Type out each record word for word. Pictures stay out.

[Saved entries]
□ □ □ □
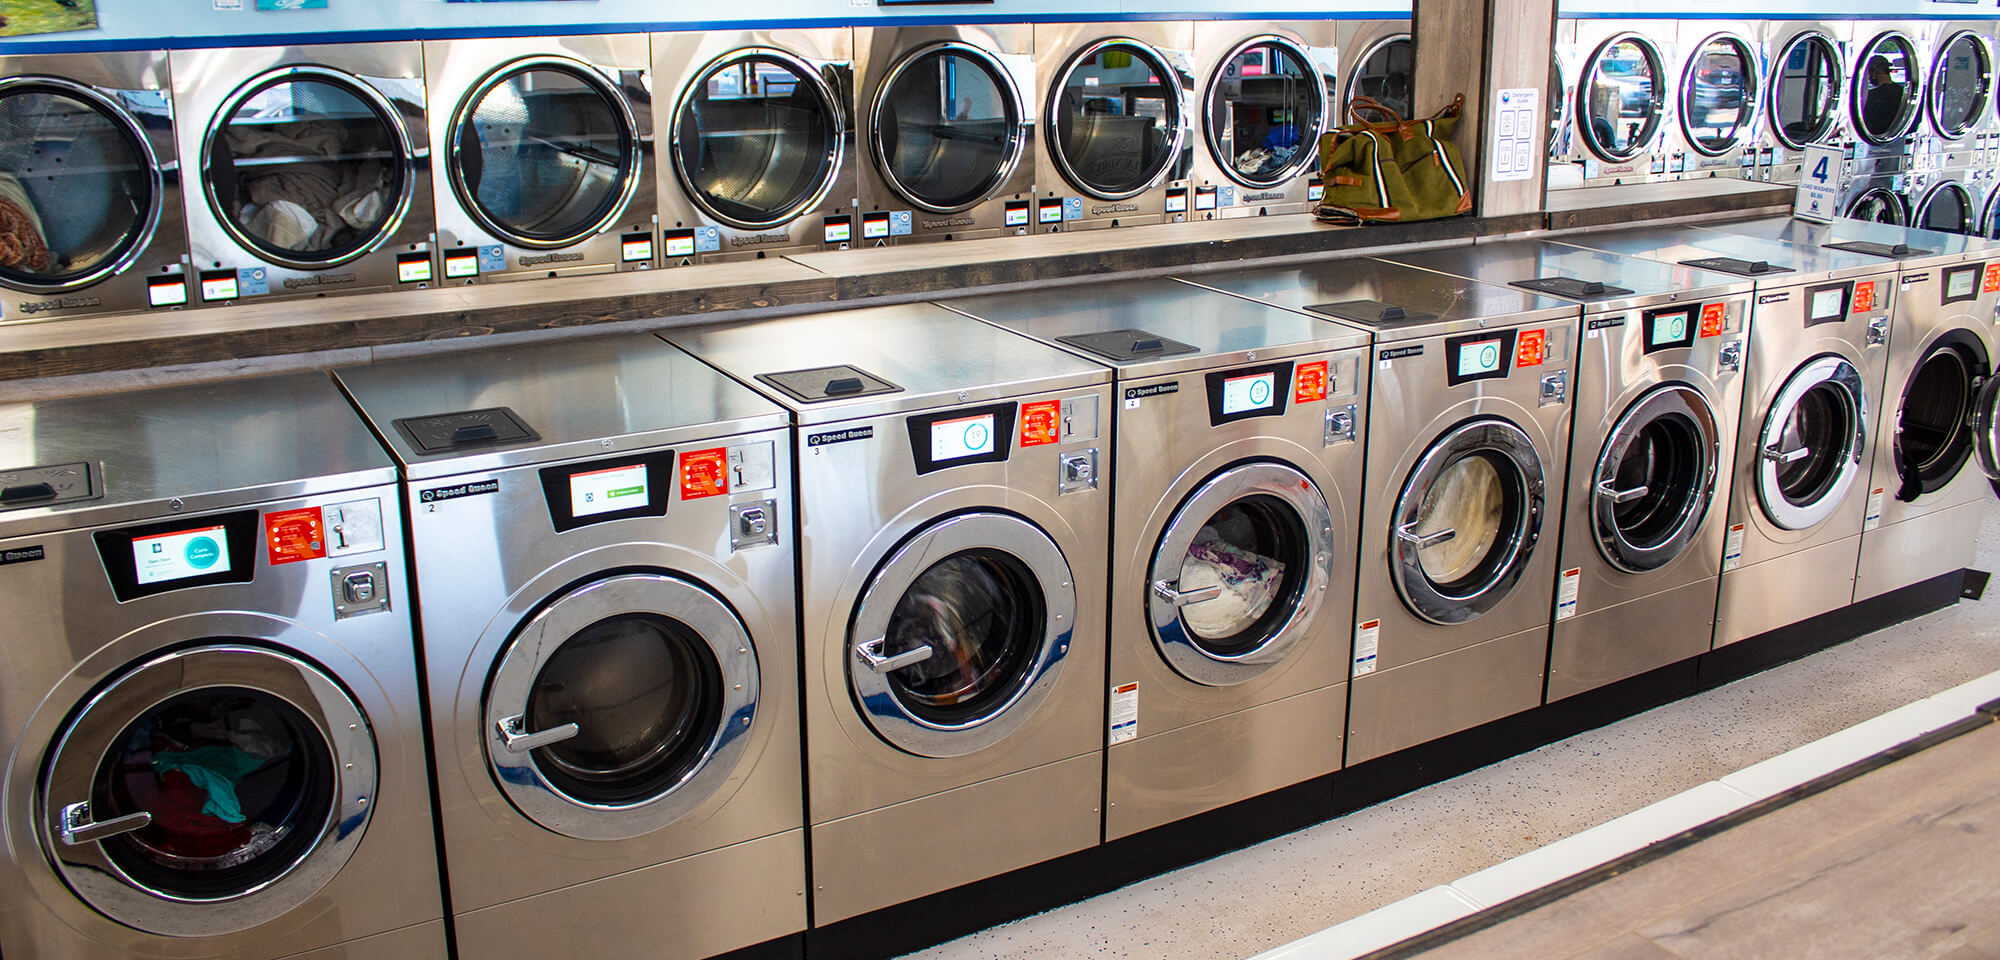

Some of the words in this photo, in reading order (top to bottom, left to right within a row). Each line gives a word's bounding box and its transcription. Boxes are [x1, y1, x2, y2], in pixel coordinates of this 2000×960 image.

[1812, 156, 1829, 184] 4
[1137, 387, 1158, 396] Speed
[1158, 384, 1178, 392] Queen
[822, 432, 847, 442] Speed
[848, 429, 873, 438] Queen
[814, 447, 820, 456] 3
[436, 486, 466, 498] Speed
[468, 482, 498, 493] Queen
[428, 503, 435, 513] 2
□ □ □ □
## EXERCISE RESULT:
Some of the words in this photo, in reading order (top to bottom, left to right within a row). Each line gives a word's bounding box and its transcription. Boxes are [x1, y1, x2, y2], in pixel coordinates of this 2000×960 image.

[1812, 156, 1829, 184] 4
[1137, 387, 1158, 396] Speed
[1158, 384, 1178, 392] Queen
[822, 432, 847, 442] Speed
[848, 429, 873, 438] Queen
[814, 447, 820, 456] 3
[436, 486, 466, 498] Speed
[468, 482, 498, 493] Queen
[428, 503, 435, 513] 2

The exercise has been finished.